A negligência e o abuso físico foram muito frequentes no grupo de risco. A alta incidência de negligência também foi evidenciada a partir das correlações realizadas, o que

mostrou uma associação entre os índices de estilo materno negativos e os altos níveis de negligência. Importante lembrar que as consequências da negligência e do abuso físico são extremamente prejudiciais ao desenvolvimento da autoestima e das habilidades sociais do jovem (GOMIDE, 2003, 2004).

A negligência pode transmitir ao filho a sensação de não ser amado, de não ser importante, o que fica evidente quando a mãe não reforça os comportamentos do filho. Um ambiente assim tem como característica o excesso de punição negativa, o que transforma a relação entre mães e filhos, pois ocorre uma retirada dos reforçadores contingentes. A indiferença transmitida pela negligência é prejudicial ao desenvolvimento do adolescente, já que não reforça os comportamentos positivos emitidos pelo filho, o que consequentemente prejudica a promoção de autoestima do mesmo. A negligência está associada, por isso, a problemas de comportamento, como a agressividade e a depressão (GOMIDE, 2004).

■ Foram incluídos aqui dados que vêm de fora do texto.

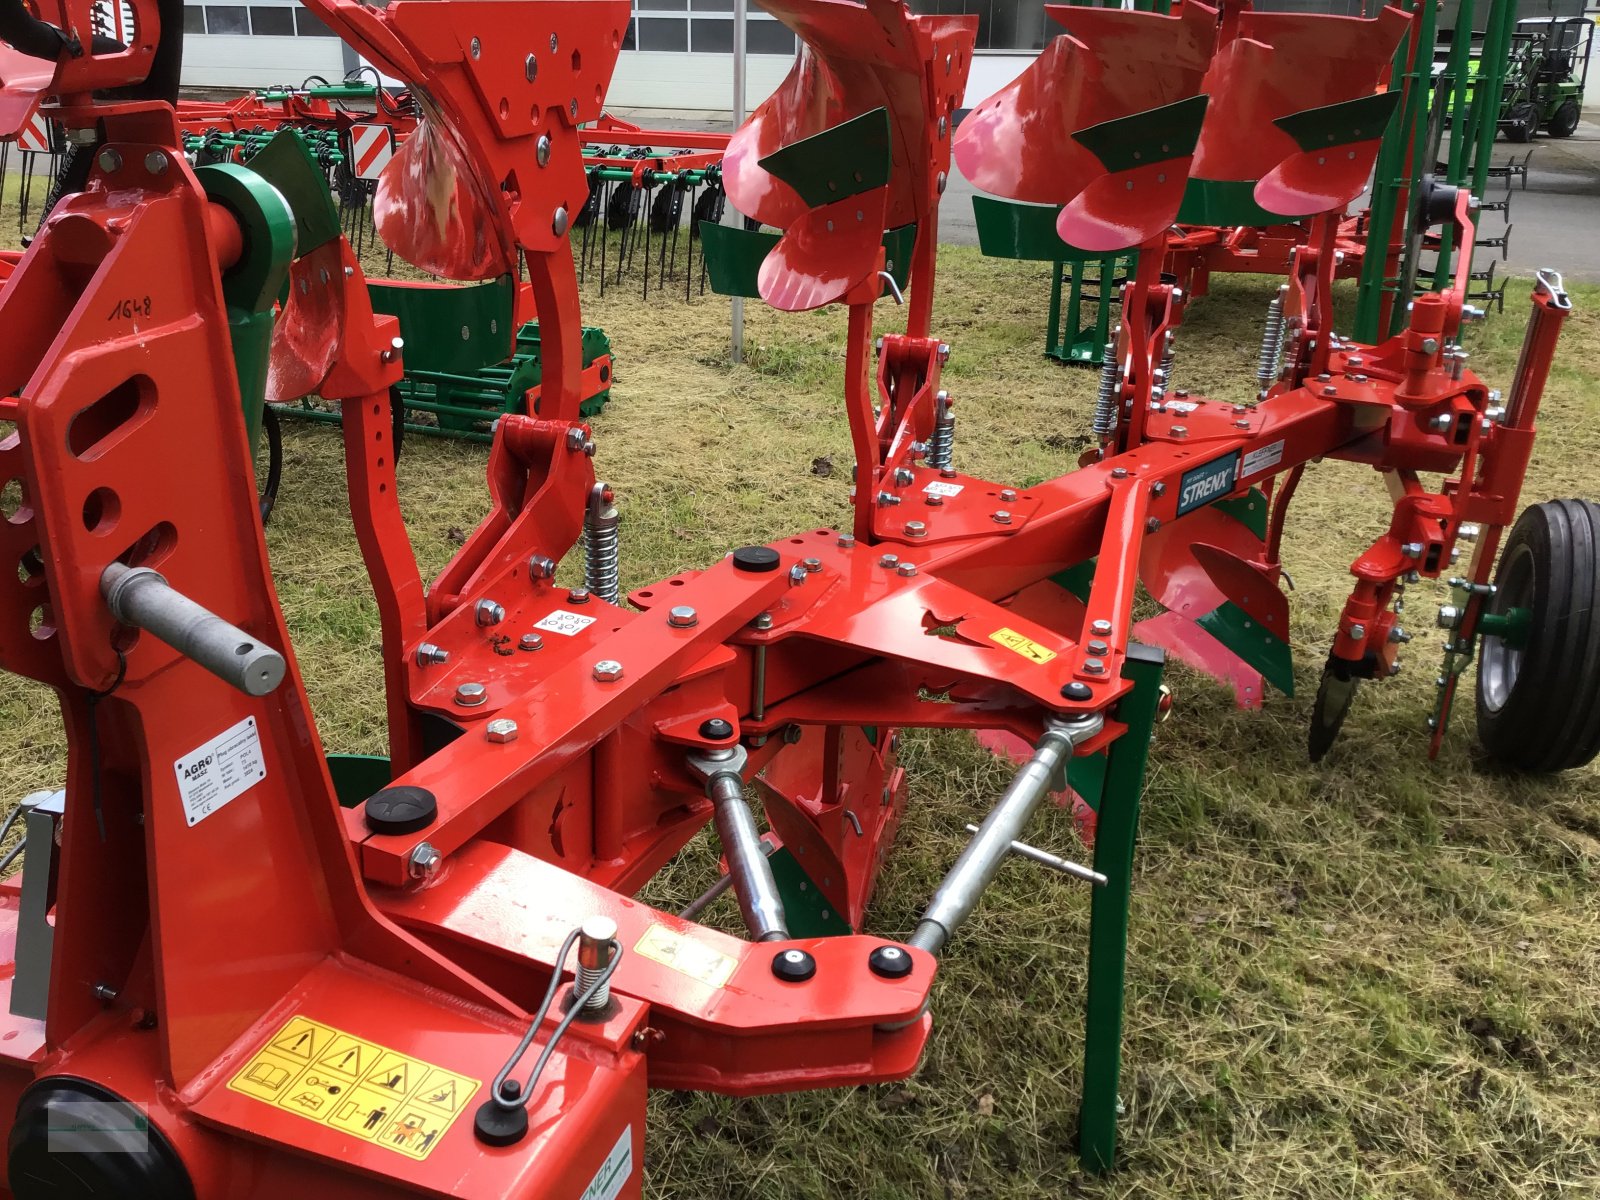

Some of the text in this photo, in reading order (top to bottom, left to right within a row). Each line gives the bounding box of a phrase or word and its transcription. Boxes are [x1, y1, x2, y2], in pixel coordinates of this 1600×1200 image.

O abuso físico pode estimular o filho a manifestar tanto comportamentos agressivos quanto passivos, já que as ações violentas não estimulam o repertório de habilidades sociais do adolescente e não transmitem afeto. Segundo Sidman (2001), as ações parentais coercitivas podem gerar o mesmo tipo de reação; portanto, para o autor, coerção gera coerção.

As correlações obtidas com o IEP no grupo de mães de não risco apontaram para uma coerência maior das práticas utilizadas, como, por exemplo, quando as mães utilizaram o comportamento moral, não aplicaram a monitoria negativa nem a disciplina relaxada com seus filhos. Evidenciou-se também uma maior estabilidade no comportamento materno do grupo de não risco que, apesar de ter utilizado algumas práticas negativas, o fez com pouca frequência e apresentou a predominância das práticas educativas positivas, estimuladoras do repertório habilidoso dos filhos.